[What the task asks] The records below should be set down in full, please, without any change.

[Data supplied]
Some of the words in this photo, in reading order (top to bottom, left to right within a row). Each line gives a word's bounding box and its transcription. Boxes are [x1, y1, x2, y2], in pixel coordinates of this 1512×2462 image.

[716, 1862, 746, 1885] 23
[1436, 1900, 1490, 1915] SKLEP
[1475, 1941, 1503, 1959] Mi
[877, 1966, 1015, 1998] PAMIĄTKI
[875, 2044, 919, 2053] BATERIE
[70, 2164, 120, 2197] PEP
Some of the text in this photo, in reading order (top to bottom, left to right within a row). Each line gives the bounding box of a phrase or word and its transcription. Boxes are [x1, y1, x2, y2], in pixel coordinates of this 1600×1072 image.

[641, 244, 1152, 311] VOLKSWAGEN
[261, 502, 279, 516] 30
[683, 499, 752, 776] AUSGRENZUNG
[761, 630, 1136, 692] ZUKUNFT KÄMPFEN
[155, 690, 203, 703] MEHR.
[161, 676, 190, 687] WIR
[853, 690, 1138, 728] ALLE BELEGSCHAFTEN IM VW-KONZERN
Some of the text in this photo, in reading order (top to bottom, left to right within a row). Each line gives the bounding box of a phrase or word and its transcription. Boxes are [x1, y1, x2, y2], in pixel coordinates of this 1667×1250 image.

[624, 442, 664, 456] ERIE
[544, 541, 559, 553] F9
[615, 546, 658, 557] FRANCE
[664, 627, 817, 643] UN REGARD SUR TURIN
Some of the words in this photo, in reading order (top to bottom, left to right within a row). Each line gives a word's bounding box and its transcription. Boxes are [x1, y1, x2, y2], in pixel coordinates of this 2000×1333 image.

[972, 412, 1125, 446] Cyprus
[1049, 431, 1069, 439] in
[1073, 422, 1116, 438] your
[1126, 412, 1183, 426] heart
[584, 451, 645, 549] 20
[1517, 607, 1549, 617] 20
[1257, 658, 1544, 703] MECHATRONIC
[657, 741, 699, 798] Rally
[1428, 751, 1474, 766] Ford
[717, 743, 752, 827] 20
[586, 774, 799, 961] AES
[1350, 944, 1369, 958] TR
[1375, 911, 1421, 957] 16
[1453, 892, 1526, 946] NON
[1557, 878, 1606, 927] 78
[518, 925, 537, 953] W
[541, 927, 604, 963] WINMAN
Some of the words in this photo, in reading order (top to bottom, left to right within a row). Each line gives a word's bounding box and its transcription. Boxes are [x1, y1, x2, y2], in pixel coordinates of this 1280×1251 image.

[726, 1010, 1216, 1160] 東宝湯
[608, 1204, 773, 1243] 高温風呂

[Response to this exercise]
Some of the words in this photo, in reading order (top to bottom, left to right within a row). Each line gives a word's bounding box and its transcription. Boxes are [x1, y1, x2, y2], in pixel coordinates of this 1512×2462 image.

[716, 1862, 746, 1885] 23
[1436, 1900, 1490, 1915] SKLEP
[1475, 1941, 1503, 1959] Mi
[877, 1966, 1015, 1998] PAMIĄTKI
[875, 2044, 919, 2053] BATERIE
[70, 2164, 120, 2197] PEP
Some of the text in this photo, in reading order (top to bottom, left to right within a row). Each line gives the bounding box of a phrase or word and its transcription. Boxes are [x1, y1, x2, y2], in pixel coordinates of this 1600×1072 image.

[641, 244, 1152, 311] VOLKSWAGEN
[261, 502, 279, 516] 30
[683, 499, 752, 776] AUSGRENZUNG
[761, 630, 1136, 692] ZUKUNFT KÄMPFEN
[155, 690, 203, 703] MEHR.
[161, 676, 190, 687] WIR
[853, 690, 1138, 728] ALLE BELEGSCHAFTEN IM VW-KONZERN
Some of the text in this photo, in reading order (top to bottom, left to right within a row). Each line gives the bounding box of a phrase or word and its transcription. Boxes are [x1, y1, x2, y2], in pixel coordinates of this 1667×1250 image.

[624, 442, 664, 456] ERIE
[544, 541, 559, 553] F9
[615, 546, 658, 557] FRANCE
[664, 627, 817, 643] UN REGARD SUR TURIN
Some of the words in this photo, in reading order (top to bottom, left to right within a row). Each line gives a word's bounding box and its transcription. Boxes are [x1, y1, x2, y2], in pixel coordinates of this 2000×1333 image.

[972, 412, 1125, 446] Cyprus
[1049, 431, 1069, 439] in
[1073, 422, 1116, 438] your
[1126, 412, 1183, 426] heart
[584, 451, 645, 549] 20
[1517, 607, 1549, 617] 20
[1257, 658, 1544, 703] MECHATRONIC
[657, 741, 699, 798] Rally
[1428, 751, 1474, 766] Ford
[717, 743, 752, 827] 20
[586, 774, 799, 961] AES
[1350, 944, 1369, 958] TR
[1375, 911, 1421, 957] 16
[1453, 892, 1526, 946] NON
[1557, 878, 1606, 927] 78
[518, 925, 537, 953] W
[541, 927, 604, 963] WINMAN
Some of the words in this photo, in reading order (top to bottom, left to right within a row). Each line gives a word's bounding box and its transcription. Boxes are [x1, y1, x2, y2], in pixel coordinates of this 1280×1251 image.

[726, 1010, 1216, 1160] 東宝湯
[608, 1204, 773, 1243] 高温風呂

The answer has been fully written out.